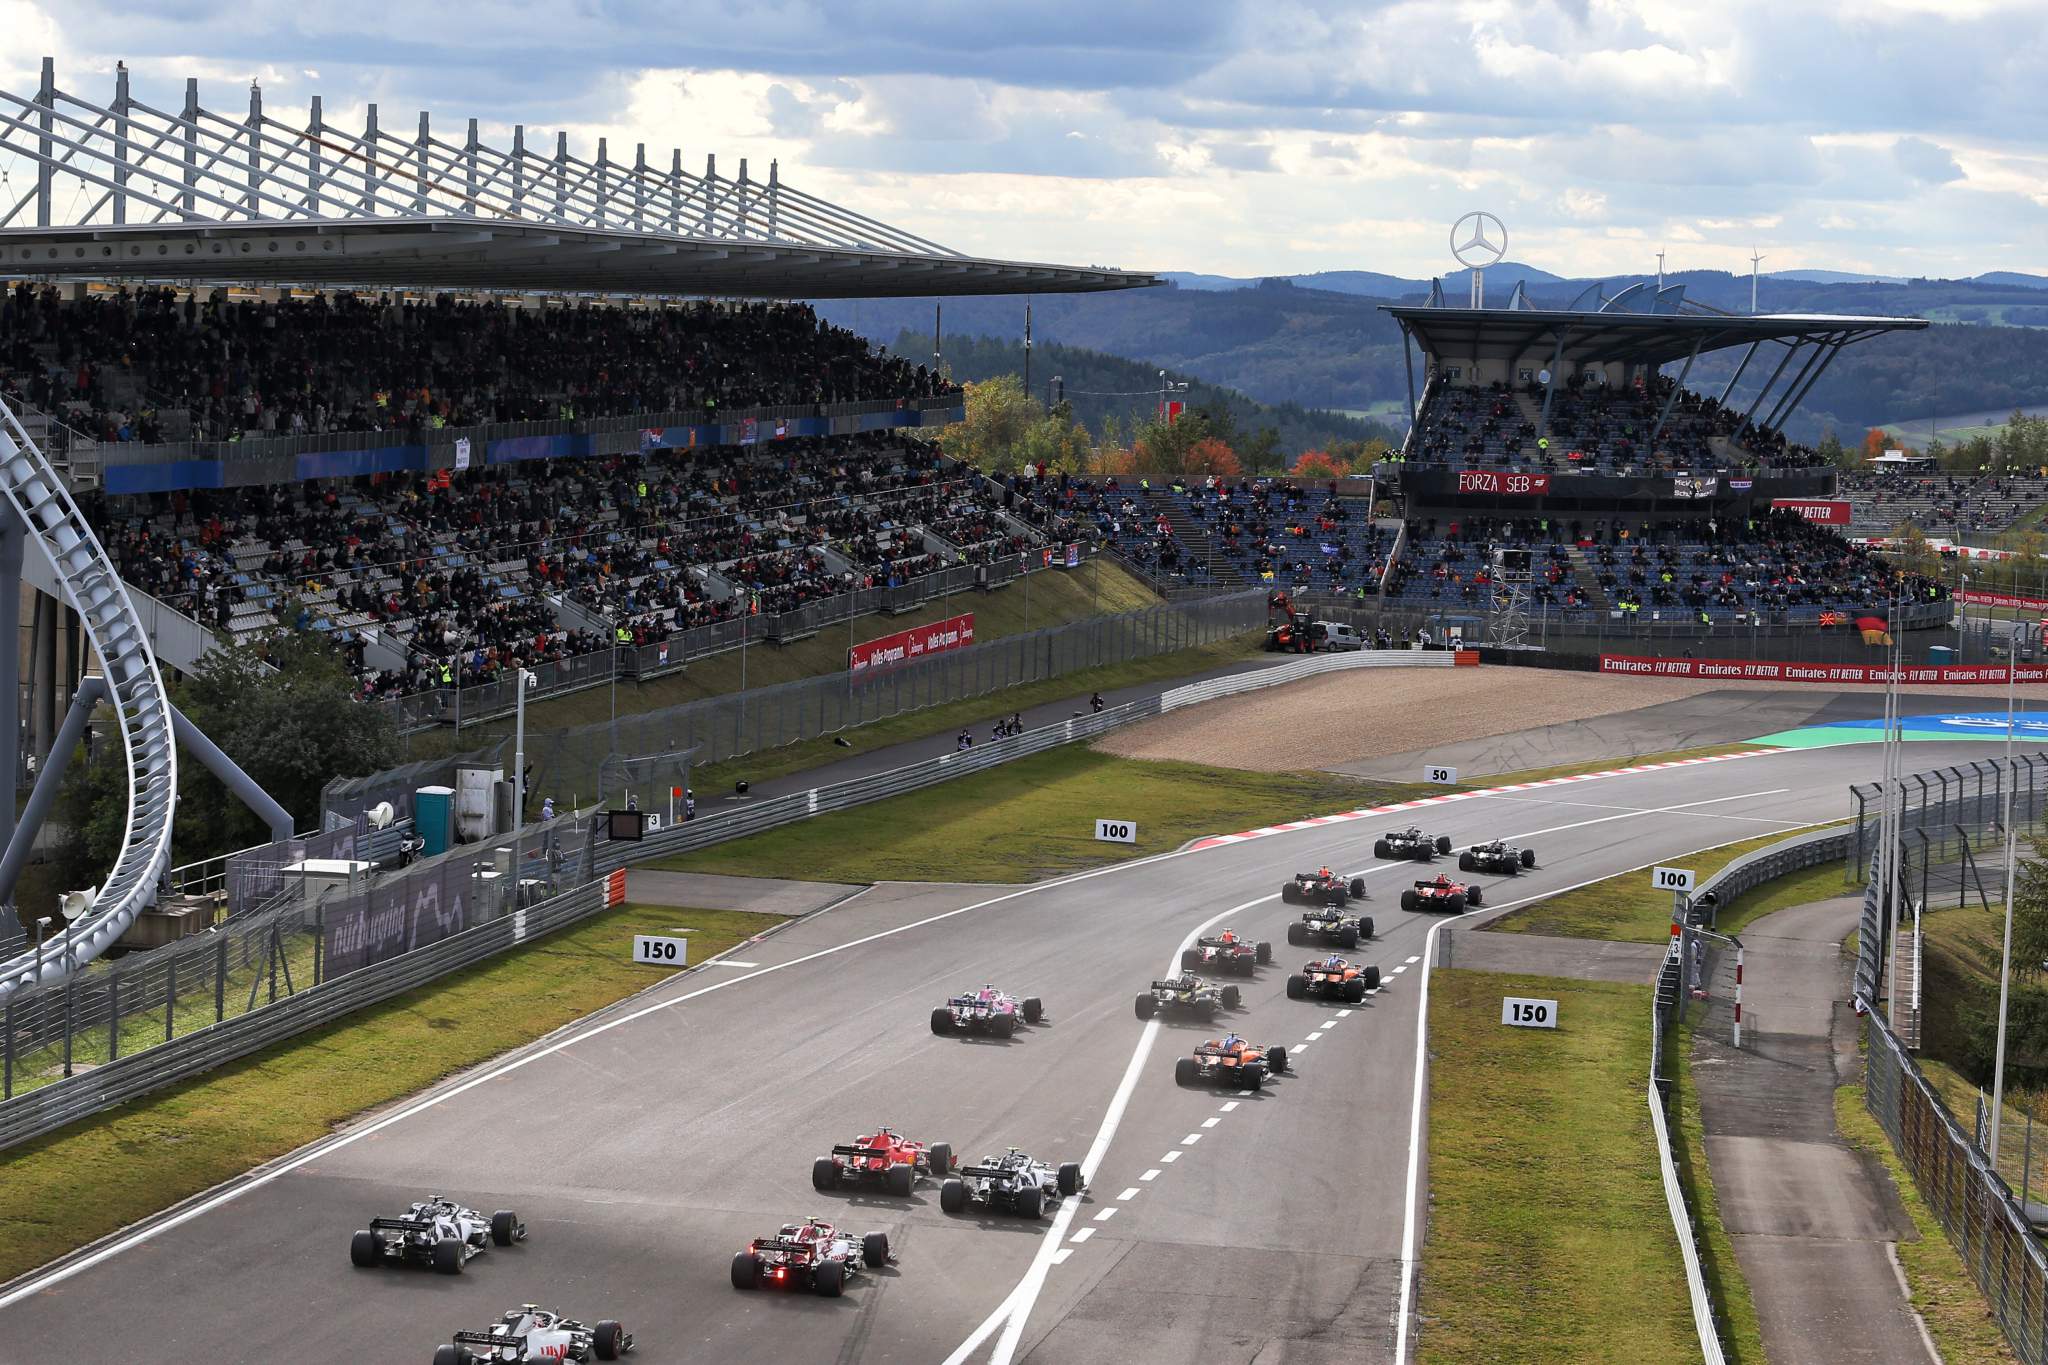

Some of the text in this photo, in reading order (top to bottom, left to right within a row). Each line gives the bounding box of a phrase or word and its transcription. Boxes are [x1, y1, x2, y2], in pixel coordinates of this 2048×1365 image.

[1459, 474, 1529, 492] FORZA SEB
[1804, 506, 1831, 519] BETTER
[1604, 658, 1692, 673] Emirates FLY BETTER
[1699, 663, 1779, 677] Emirates FLY BETTER
[1785, 666, 1863, 680] Emirates FLY BETTER
[1909, 670, 1919, 680] FLY
[1919, 669, 1938, 681] BETTER
[1943, 668, 2006, 680] Emirates FLY BETTER
[2011, 669, 2043, 679] Emirates
[1432, 769, 1447, 781] 50
[651, 815, 658, 825] 3
[1101, 823, 1128, 839] 100
[1660, 871, 1687, 887] 100
[643, 941, 677, 960] 150
[1673, 943, 1679, 954] 3
[1513, 1004, 1547, 1023] 150
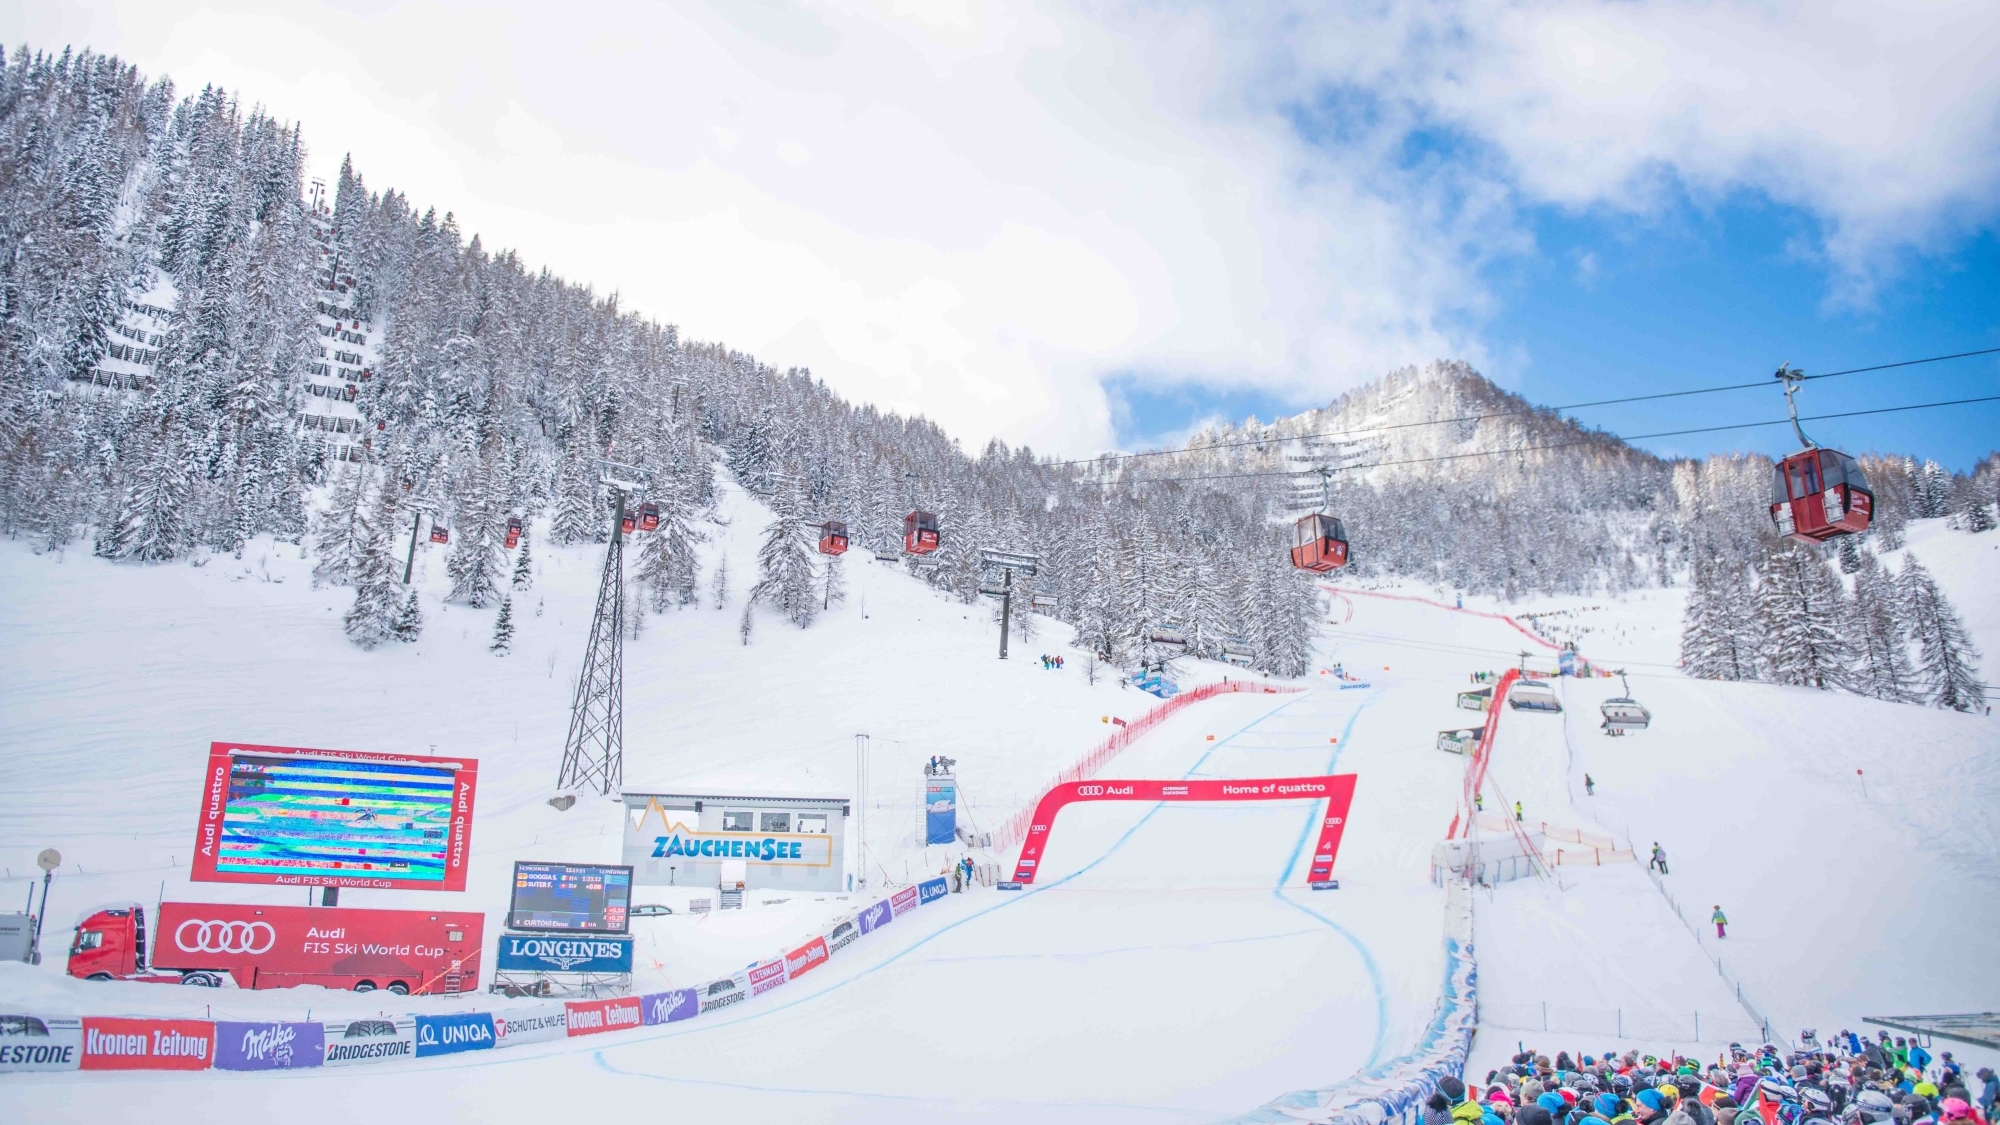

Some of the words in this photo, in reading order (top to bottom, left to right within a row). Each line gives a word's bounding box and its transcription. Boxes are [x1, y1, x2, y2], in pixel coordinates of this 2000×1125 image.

[458, 782, 470, 812] Audi
[1106, 786, 1134, 795] Audi
[1223, 785, 1259, 794] Home
[1262, 784, 1275, 793] of
[1278, 784, 1325, 794] quattro
[202, 823, 216, 856] Audi
[209, 767, 224, 820] quattro
[452, 816, 464, 868] quattro
[275, 875, 301, 884] Audi
[303, 876, 320, 885] FIS
[322, 877, 338, 886] Ski
[340, 878, 371, 887] World
[373, 879, 392, 889] Cup
[306, 928, 345, 939] Audi
[304, 943, 330, 953] FIS
[334, 944, 358, 955] Ski
[361, 944, 410, 956] World
[414, 945, 444, 958] Cup
[510, 939, 622, 959] LONGINES
[567, 1008, 603, 1030] Kronen
[604, 1004, 640, 1026] Zeitung
[652, 991, 686, 1024] Milka
[442, 1023, 492, 1045] UNIQA
[507, 1018, 538, 1034] SCHUTZ
[539, 1017, 545, 1029] &
[86, 1028, 147, 1056] Kronen
[152, 1029, 208, 1060] Zeitung
[241, 1024, 297, 1061] Milka
[326, 1041, 411, 1061] BRIDGESTONE

○ ○ ○ ○ ○ ○ ○

What is required →
From the first line to the last, copy the records above exactly and drop any pictures.

Your response →
Some of the text in this photo, in reading order (top to bottom, left to right within a row). Each line gives the bounding box of a phrase or word and its transcription. Boxes are [x1, y1, x2, y2], in pixel coordinates of this 2048×1365 image.

[1459, 474, 1529, 492] FORZA SEB
[1804, 506, 1831, 519] BETTER
[1604, 658, 1692, 673] Emirates FLY BETTER
[1699, 663, 1779, 677] Emirates FLY BETTER
[1785, 666, 1863, 680] Emirates FLY BETTER
[1909, 670, 1919, 680] FLY
[1919, 669, 1938, 681] BETTER
[1943, 668, 2006, 680] Emirates FLY BETTER
[2011, 669, 2043, 679] Emirates
[1432, 769, 1447, 781] 50
[651, 815, 658, 825] 3
[1101, 823, 1128, 839] 100
[1660, 871, 1687, 887] 100
[643, 941, 677, 960] 150
[1673, 943, 1679, 954] 3
[1513, 1004, 1547, 1023] 150

Some of the words in this photo, in reading order (top to bottom, left to right within a row). Each line gives a word's bounding box and its transcription. Boxes are [x1, y1, x2, y2], in pixel coordinates of this 2000×1125 image.

[458, 782, 470, 812] Audi
[1106, 786, 1134, 795] Audi
[1223, 785, 1259, 794] Home
[1262, 784, 1275, 793] of
[1278, 784, 1325, 794] quattro
[202, 823, 216, 856] Audi
[209, 767, 224, 820] quattro
[452, 816, 464, 868] quattro
[275, 875, 301, 884] Audi
[303, 876, 320, 885] FIS
[322, 877, 338, 886] Ski
[340, 878, 371, 887] World
[373, 879, 392, 889] Cup
[306, 928, 345, 939] Audi
[304, 943, 330, 953] FIS
[334, 944, 358, 955] Ski
[361, 944, 410, 956] World
[414, 945, 444, 958] Cup
[510, 939, 622, 959] LONGINES
[567, 1008, 603, 1030] Kronen
[604, 1004, 640, 1026] Zeitung
[652, 991, 686, 1024] Milka
[442, 1023, 492, 1045] UNIQA
[507, 1018, 538, 1034] SCHUTZ
[539, 1017, 545, 1029] &
[86, 1028, 147, 1056] Kronen
[152, 1029, 208, 1060] Zeitung
[241, 1024, 297, 1061] Milka
[326, 1041, 411, 1061] BRIDGESTONE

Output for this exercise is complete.